== DATA SECTION ==
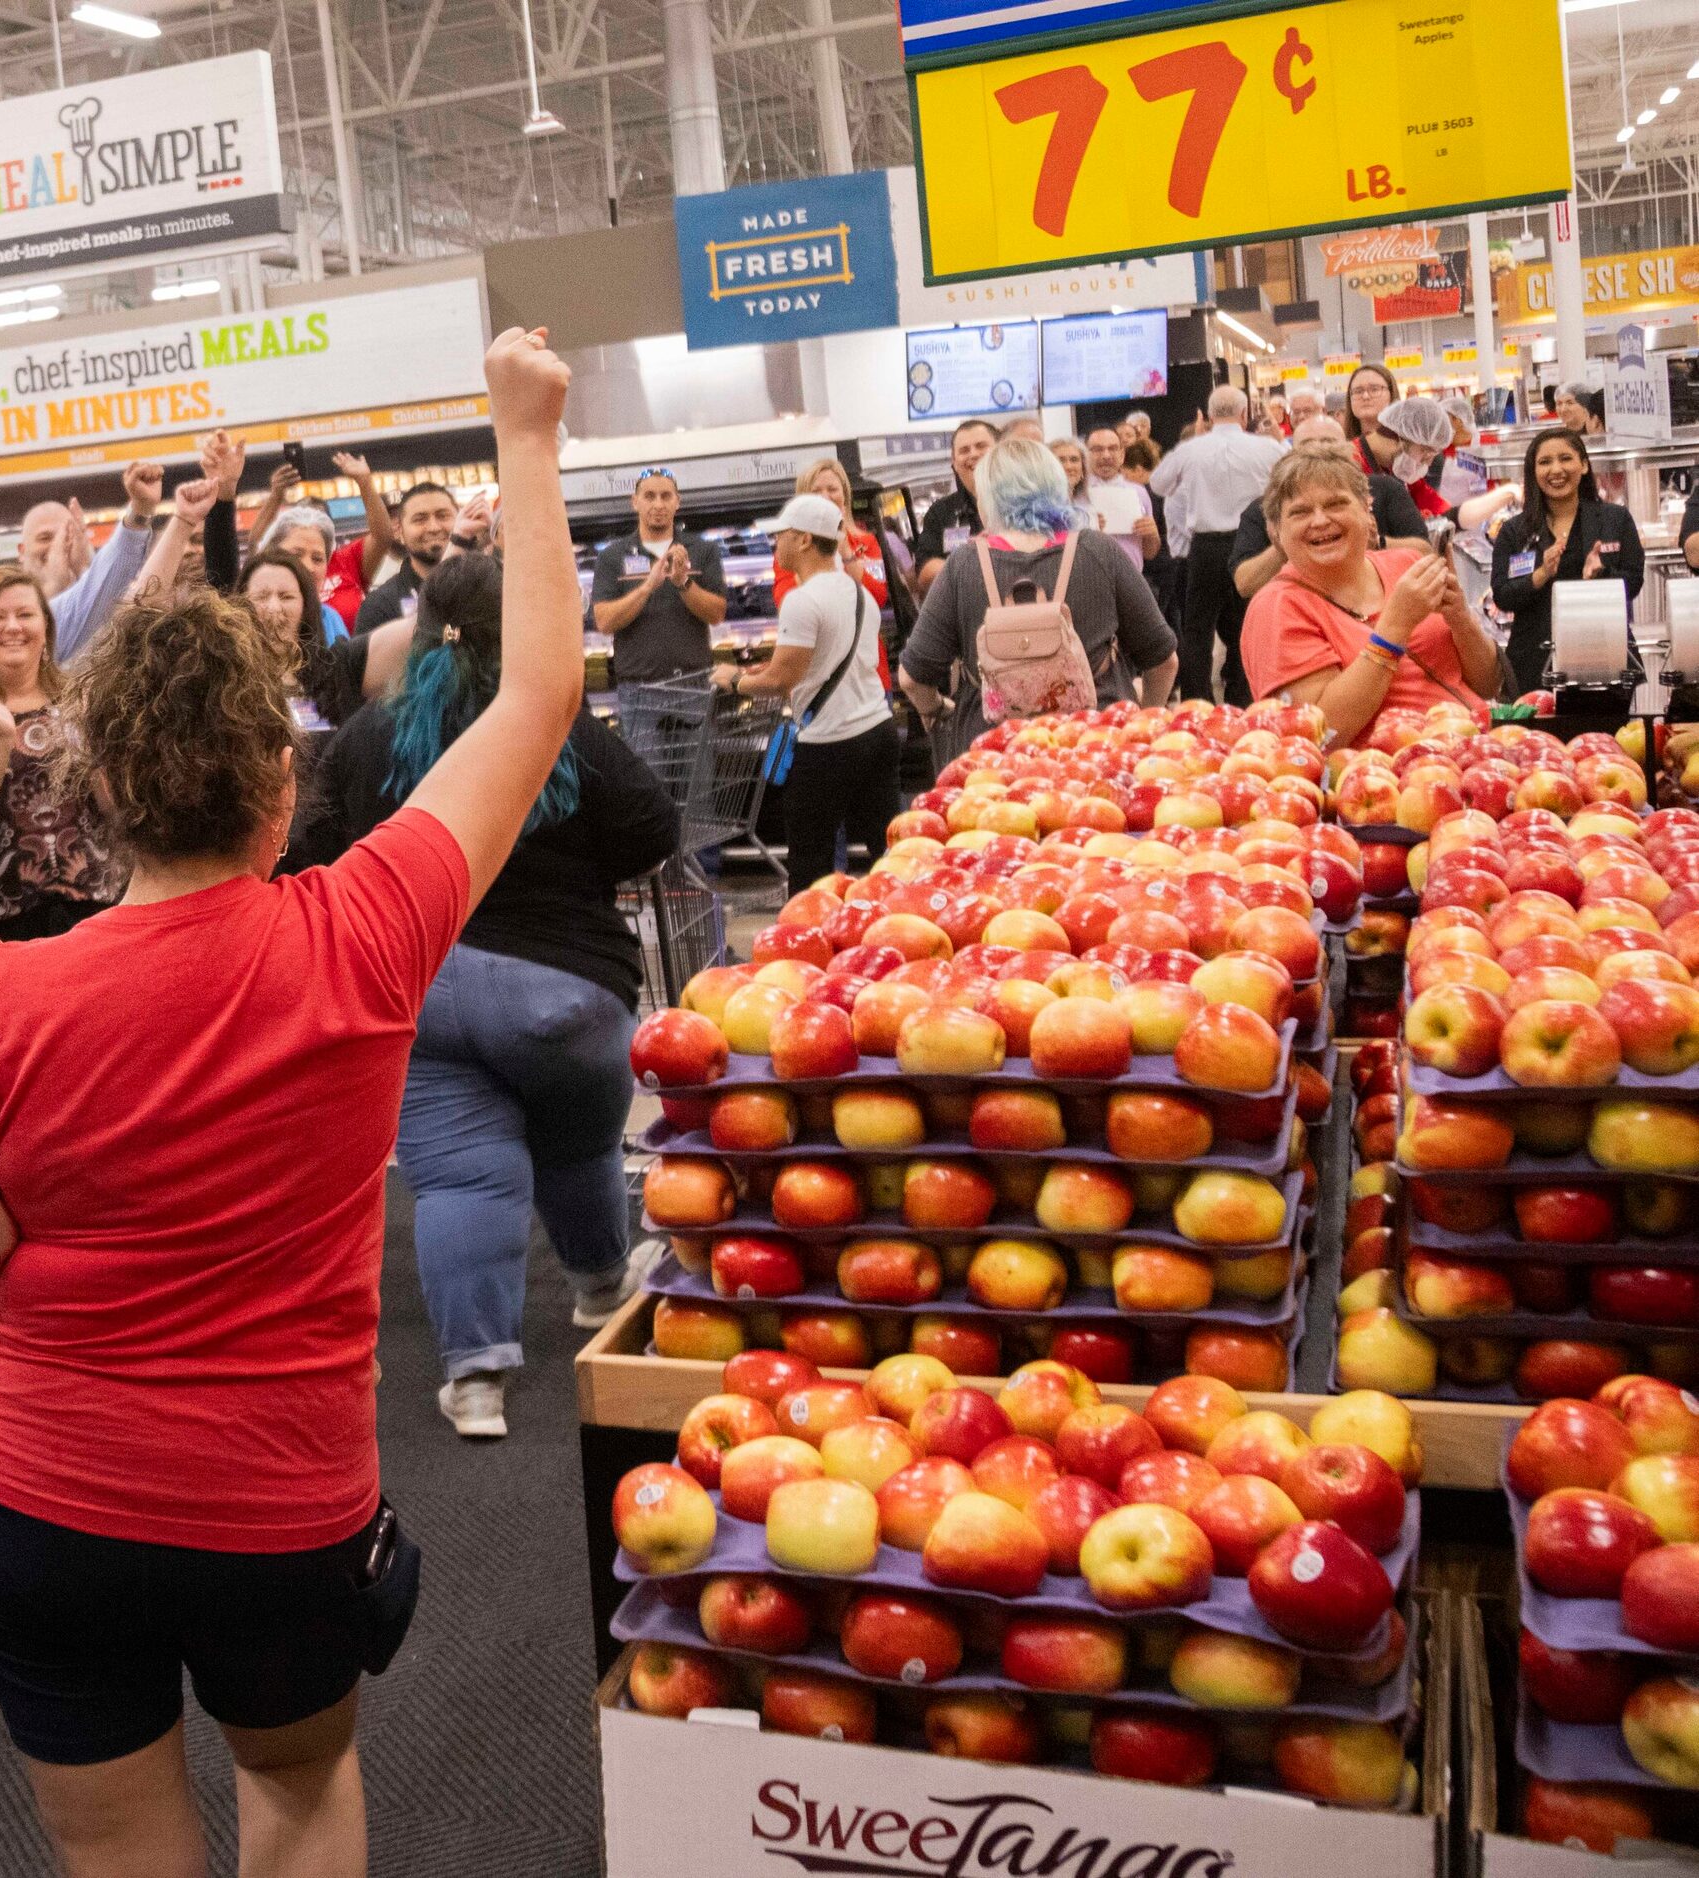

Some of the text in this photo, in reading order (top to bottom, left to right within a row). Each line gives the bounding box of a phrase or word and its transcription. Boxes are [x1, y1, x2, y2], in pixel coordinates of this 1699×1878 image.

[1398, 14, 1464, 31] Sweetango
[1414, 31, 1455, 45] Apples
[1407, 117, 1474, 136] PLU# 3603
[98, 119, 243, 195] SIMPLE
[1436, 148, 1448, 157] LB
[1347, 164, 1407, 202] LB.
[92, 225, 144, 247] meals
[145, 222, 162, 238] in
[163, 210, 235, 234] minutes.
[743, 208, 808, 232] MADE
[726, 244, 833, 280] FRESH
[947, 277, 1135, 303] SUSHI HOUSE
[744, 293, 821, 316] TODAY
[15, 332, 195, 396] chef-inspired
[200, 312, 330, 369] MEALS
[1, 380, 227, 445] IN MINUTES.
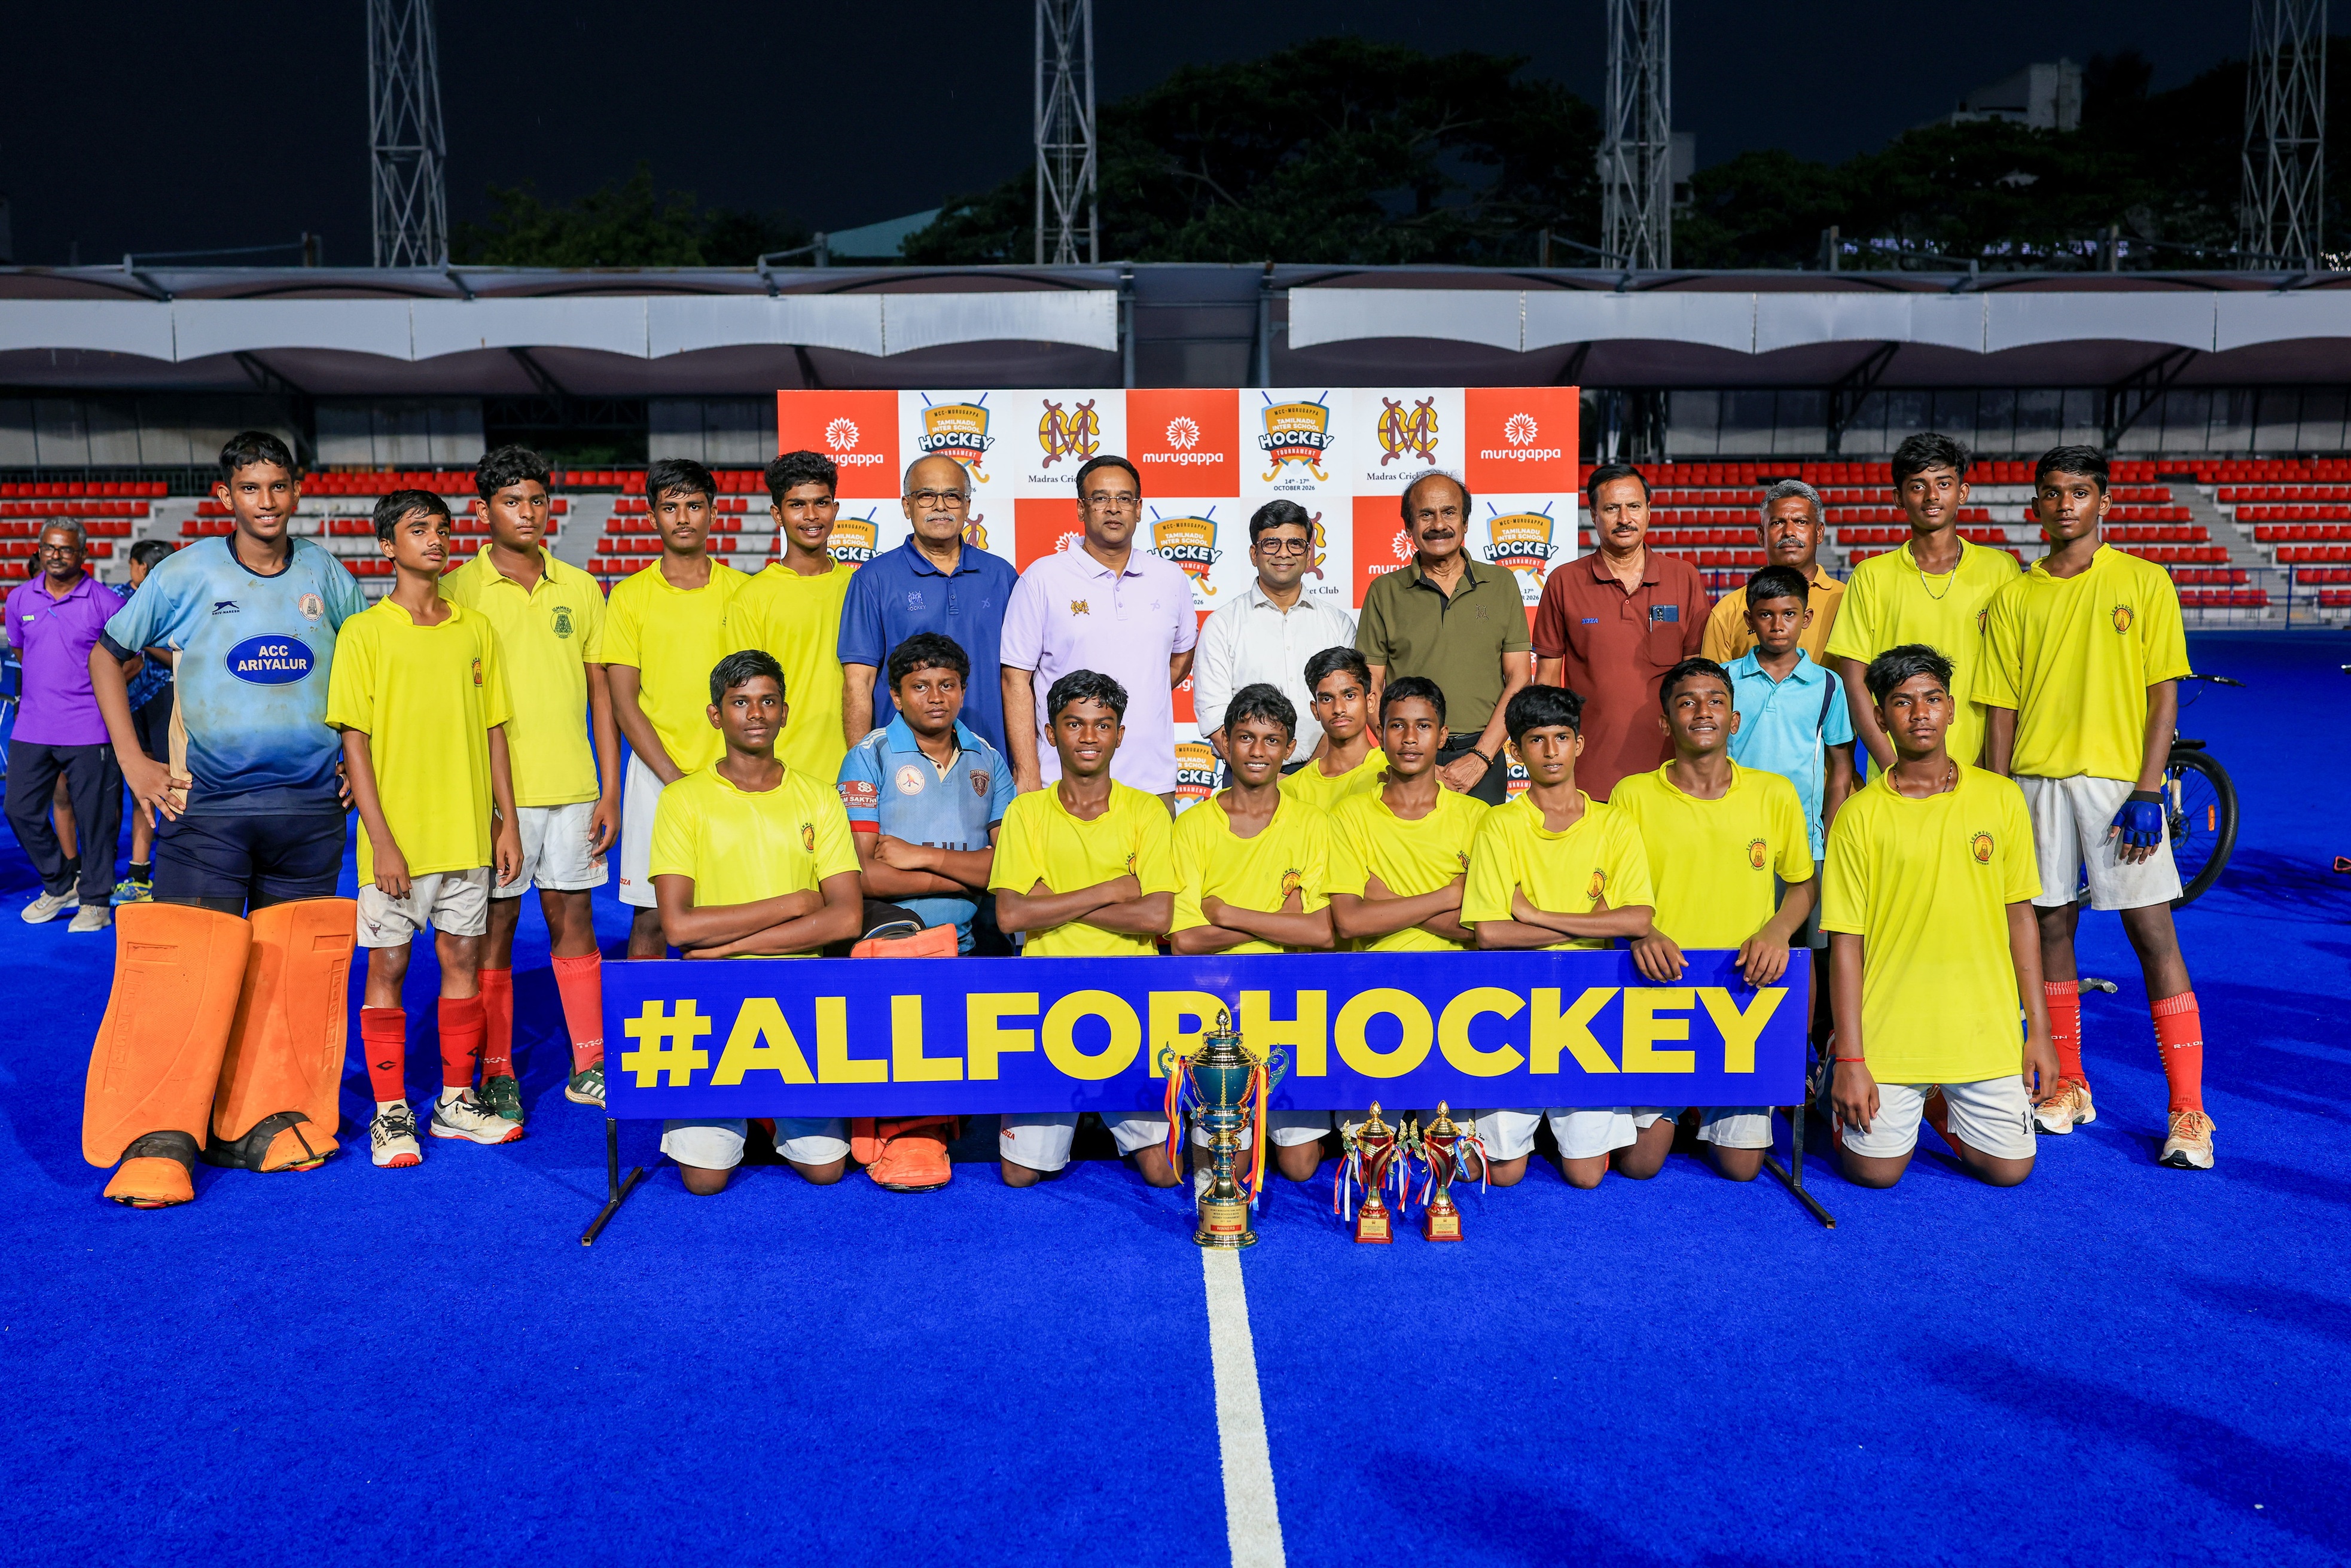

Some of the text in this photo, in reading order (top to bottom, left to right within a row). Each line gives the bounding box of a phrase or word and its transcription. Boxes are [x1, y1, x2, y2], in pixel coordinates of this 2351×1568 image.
===
**WHAT IS EXPECTED**
Would you set down the records above once more, exactly, with the pictures removed?

**TASK OUTPUT**
Some of the text in this photo, in reading order (top to bottom, left to right within a row). Each line gives the bounding box of a phrase or word and its transcription. Boxes are [x1, y1, x2, y2], in pixel coordinates of this 1699×1878 image.

[1398, 14, 1464, 31] Sweetango
[1414, 31, 1455, 45] Apples
[1407, 117, 1474, 136] PLU# 3603
[98, 119, 243, 195] SIMPLE
[1436, 148, 1448, 157] LB
[1347, 164, 1407, 202] LB.
[92, 225, 144, 247] meals
[145, 222, 162, 238] in
[163, 210, 235, 234] minutes.
[743, 208, 808, 232] MADE
[726, 244, 833, 280] FRESH
[947, 277, 1135, 303] SUSHI HOUSE
[744, 293, 821, 316] TODAY
[15, 332, 195, 396] chef-inspired
[200, 312, 330, 369] MEALS
[1, 380, 227, 445] IN MINUTES.

Some of the text in this photo, in reading order (top to bottom, left to right within a row). Each line gives the bounding box of a phrase or word and its transcription. Boxes are [x1, y1, x2, y2], in pixel coordinates of this 2351×1568 image.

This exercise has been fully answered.